Charter change on the agenda Tuesday, Thursday


At last Thursday's Tulsa City Council meeting, a list of charter changes was on the agenda and about half of them were dropped off the list. The Council is deciding which proposed charter amendments will be presented to the voters at next March's general election. Further discussion of the list is on the agenda for tomorrow's Urban and Economic Development Committee meeting, 10 a.m., in the Council committee room on the second floor of the City Hall tower. If there are items on the list that you want the chance to vote on, or items that were dropped that you'd like brought back for further consideration, be there tomorrow if you can, and plan to be there Thursday night when the list is back before the full Council.

Here's the list of proposed charter amendments that emerged from last Tuesday's Council committee meeting and was discussed at last Thursday's regular Council meeting.

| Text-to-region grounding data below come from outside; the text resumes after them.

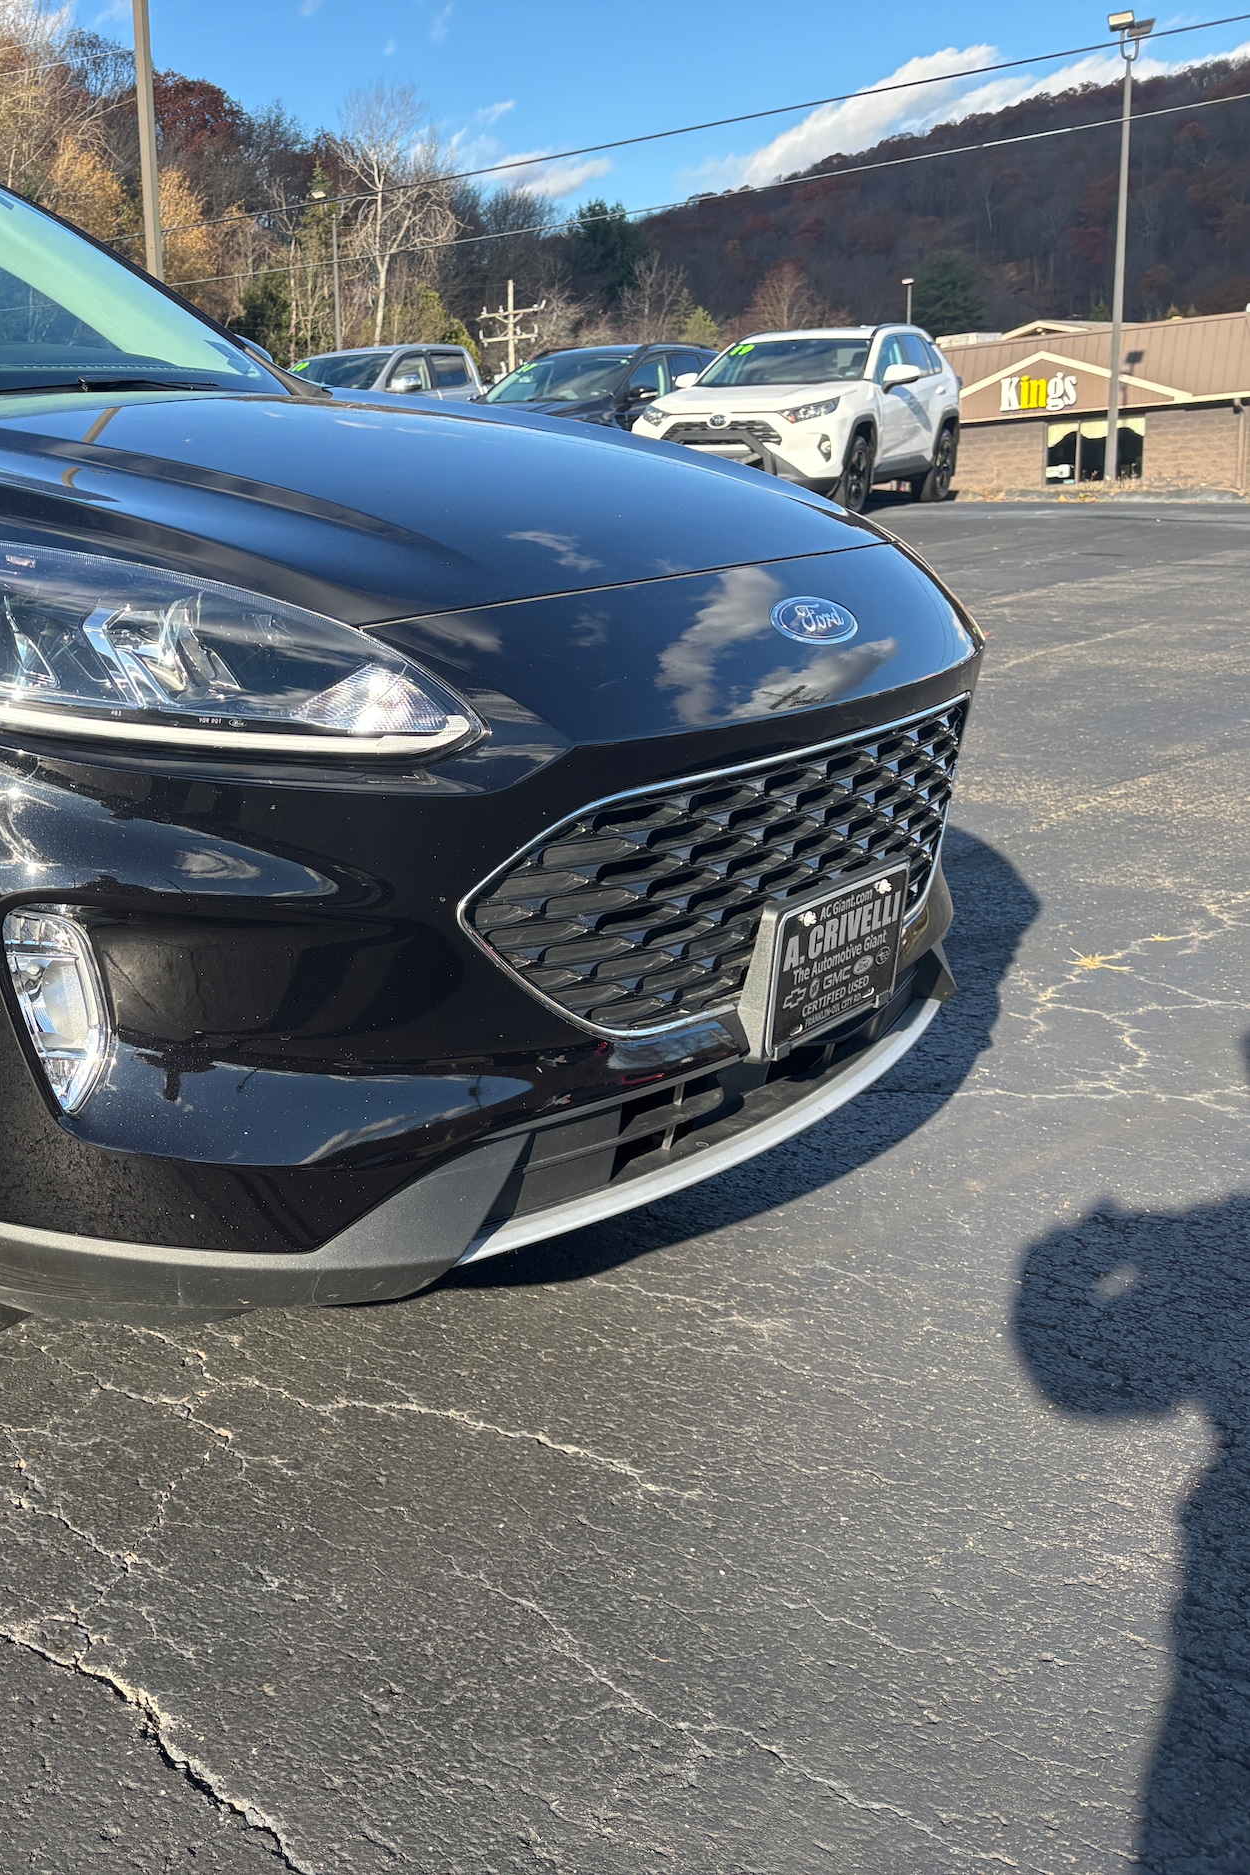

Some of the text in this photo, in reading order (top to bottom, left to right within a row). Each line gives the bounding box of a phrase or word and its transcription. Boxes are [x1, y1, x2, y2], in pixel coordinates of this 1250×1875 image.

[999, 372, 1077, 411] Kings
[795, 603, 845, 632] Ford
[783, 891, 901, 972] A. CRIVELLI
[793, 929, 887, 986] The Automotive Giant
[823, 965, 852, 990] GMC
[802, 975, 869, 1017] CERTIFIED USED

I was disappointed at the decision to drop the residency requirement (item 9). That ought to go without saying in a representative form of government, but since we have a councilor (Randy Sullivan) who lives outside the district he purports to represent, apparently we need to spell it out, and provide a process for determining that a member no longer resides in his district and declaring the seat vacant. (In fact, there is already such a provision in state law, but since it requires the Council to act against one of its own members, and there is room for interpretation in any conflict between state law and city charter, it's best to spell out the process in the charter.

I was also disappointed at the decision against the idea of removing city department heads from civil service protection. If government is to be accountable to the voters, the mayor has to have the ability to bring in a department head who will cooperate with his proposed reforms. It's pathetic that in a so-called "strong mayor" form of government, the Mayor can tell the voters, "Sorry, I wish I could make the changes in Department XYZ that I promised in the election, but the department head doesn't see things my way, and there's nothing I can do about it." The President gets to choose the heads of Federal departments with Senate approval; why not let the Mayor choose the heads of city departments with Council approval?

That's all the time I have to write about this tonight, but I hope you Tulsans will take an interest in this, attend the meetings if you can, watch it on TGOV 24 if you can't be there in person, and make your opinions known. The issues up for debate are there for a reason. The right amendments will help us have a city that is run for the benefit of all Tulsans, not just a favored few.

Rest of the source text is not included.